> [Dataset]:
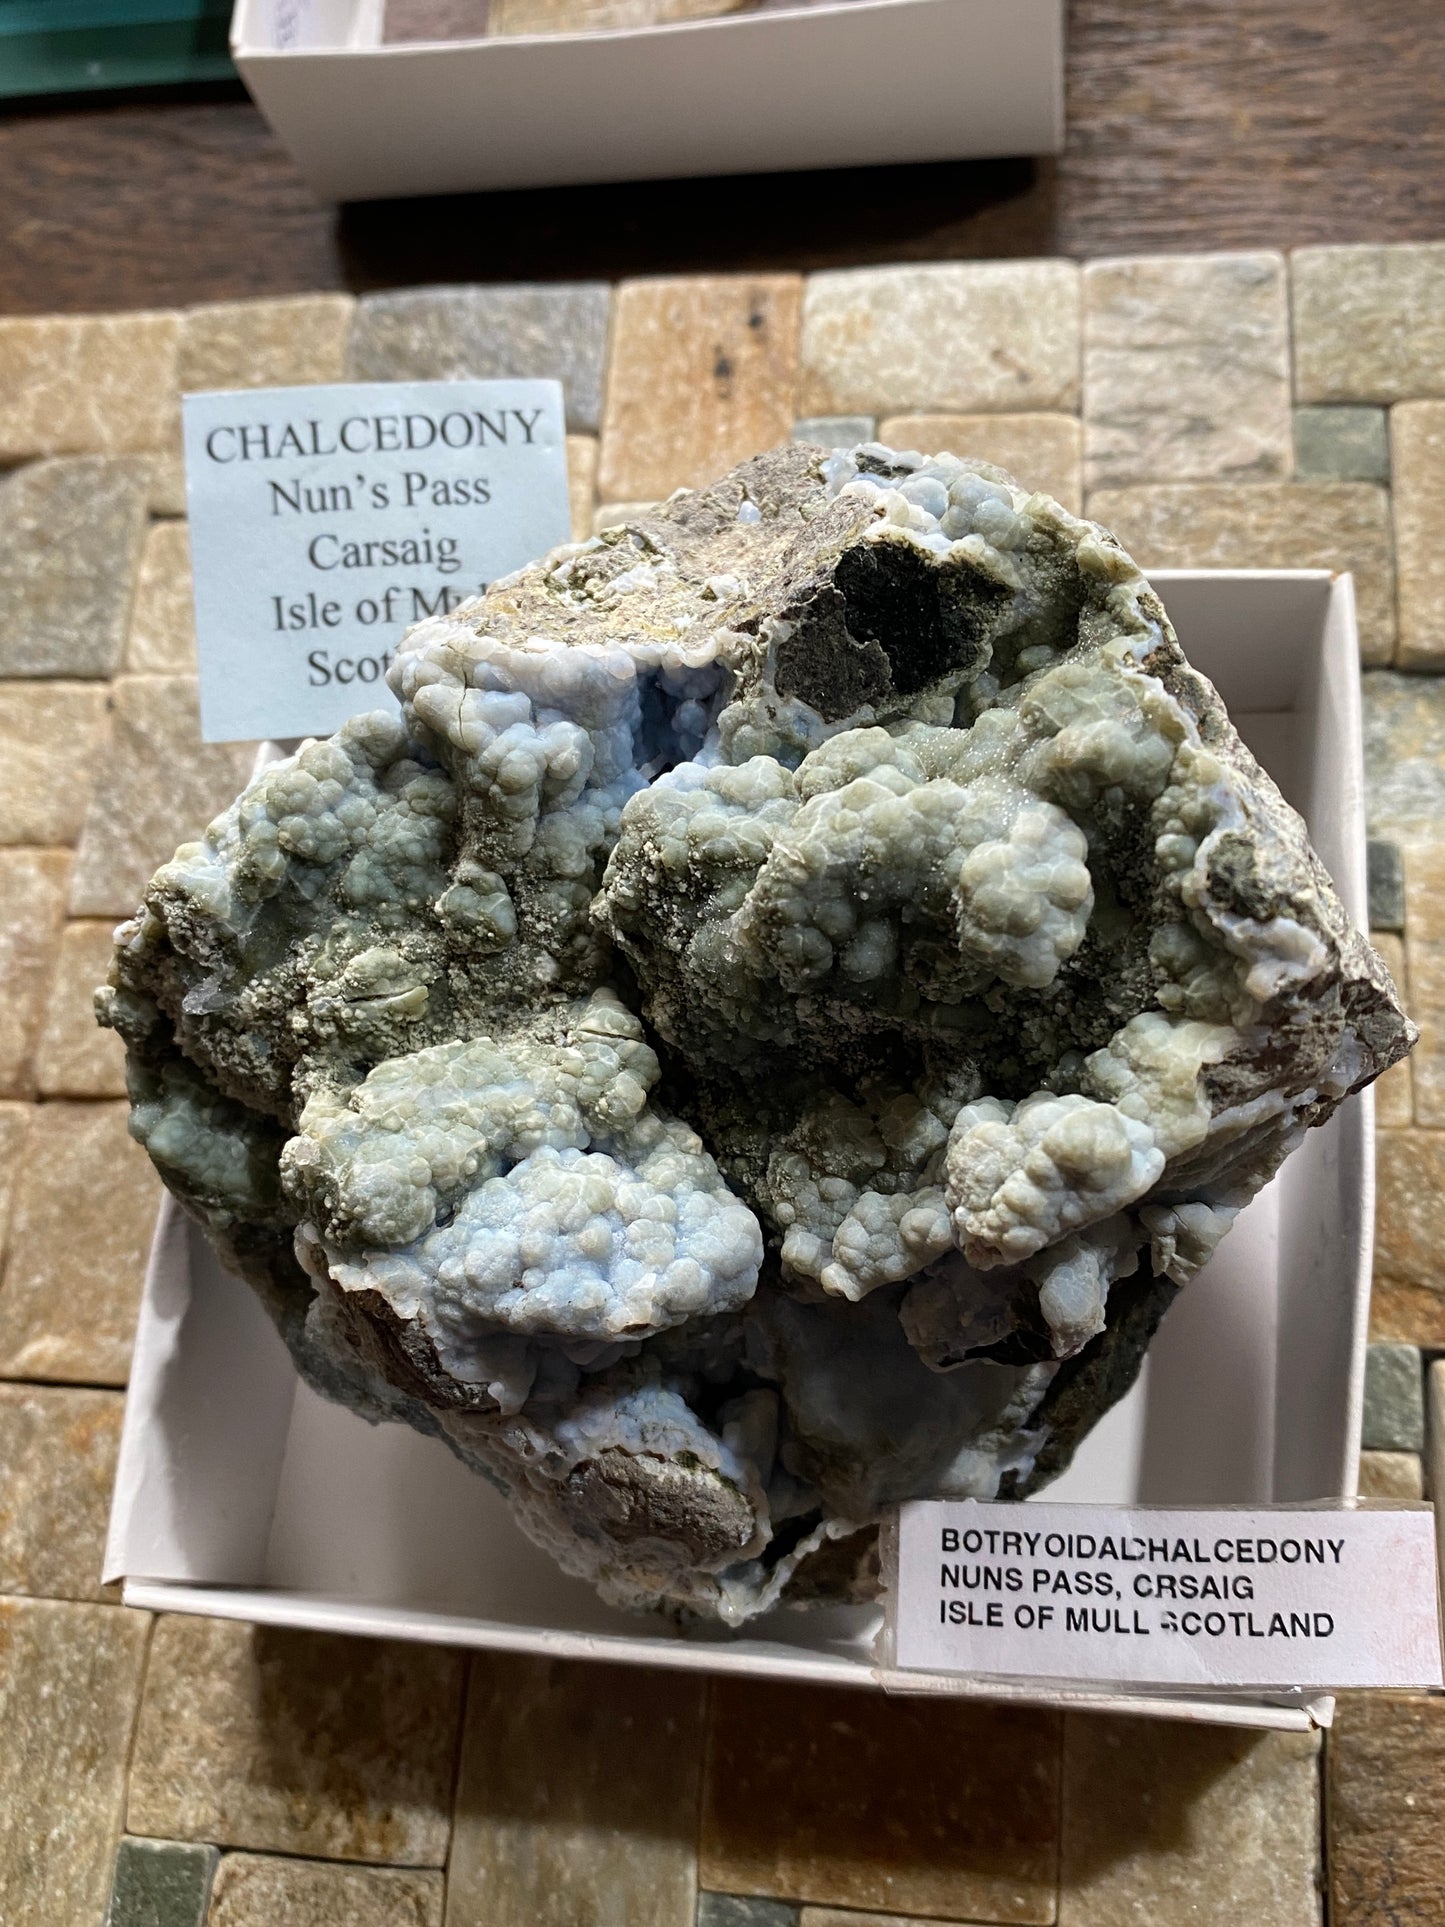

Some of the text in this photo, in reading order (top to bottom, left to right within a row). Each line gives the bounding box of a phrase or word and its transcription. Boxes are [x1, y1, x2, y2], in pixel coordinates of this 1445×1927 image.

[205, 408, 544, 464] CHALCEDONY
[268, 471, 491, 516] Nun's Pass
[308, 528, 462, 573] Carsaig
[271, 591, 341, 632] Isle
[355, 586, 401, 626] of
[940, 1563, 1255, 1601] NUNS PASS, CRSAIG
[940, 1599, 1005, 1628] ISLE
[1014, 1604, 1055, 1630] OF
[1065, 1606, 1150, 1635] MULL

> [Task item]: Using the records above, retype everything exactly except the pictures.

> [Your response]:
Some of the text in this photo, in reading order (top to bottom, left to right within a row). Each line gives the bounding box of a phrase or word and its transcription. Boxes are [x1, y1, x2, y2], in pixel coordinates of this 1445×1927 image.

[205, 408, 544, 464] CHALCEDONY
[268, 471, 491, 516] Nun's Pass
[308, 528, 462, 573] Carsaig
[271, 591, 341, 632] Isle
[355, 586, 401, 626] of
[940, 1563, 1255, 1601] NUNS PASS, CRSAIG
[940, 1599, 1005, 1628] ISLE
[1014, 1604, 1055, 1630] OF
[1065, 1606, 1150, 1635] MULL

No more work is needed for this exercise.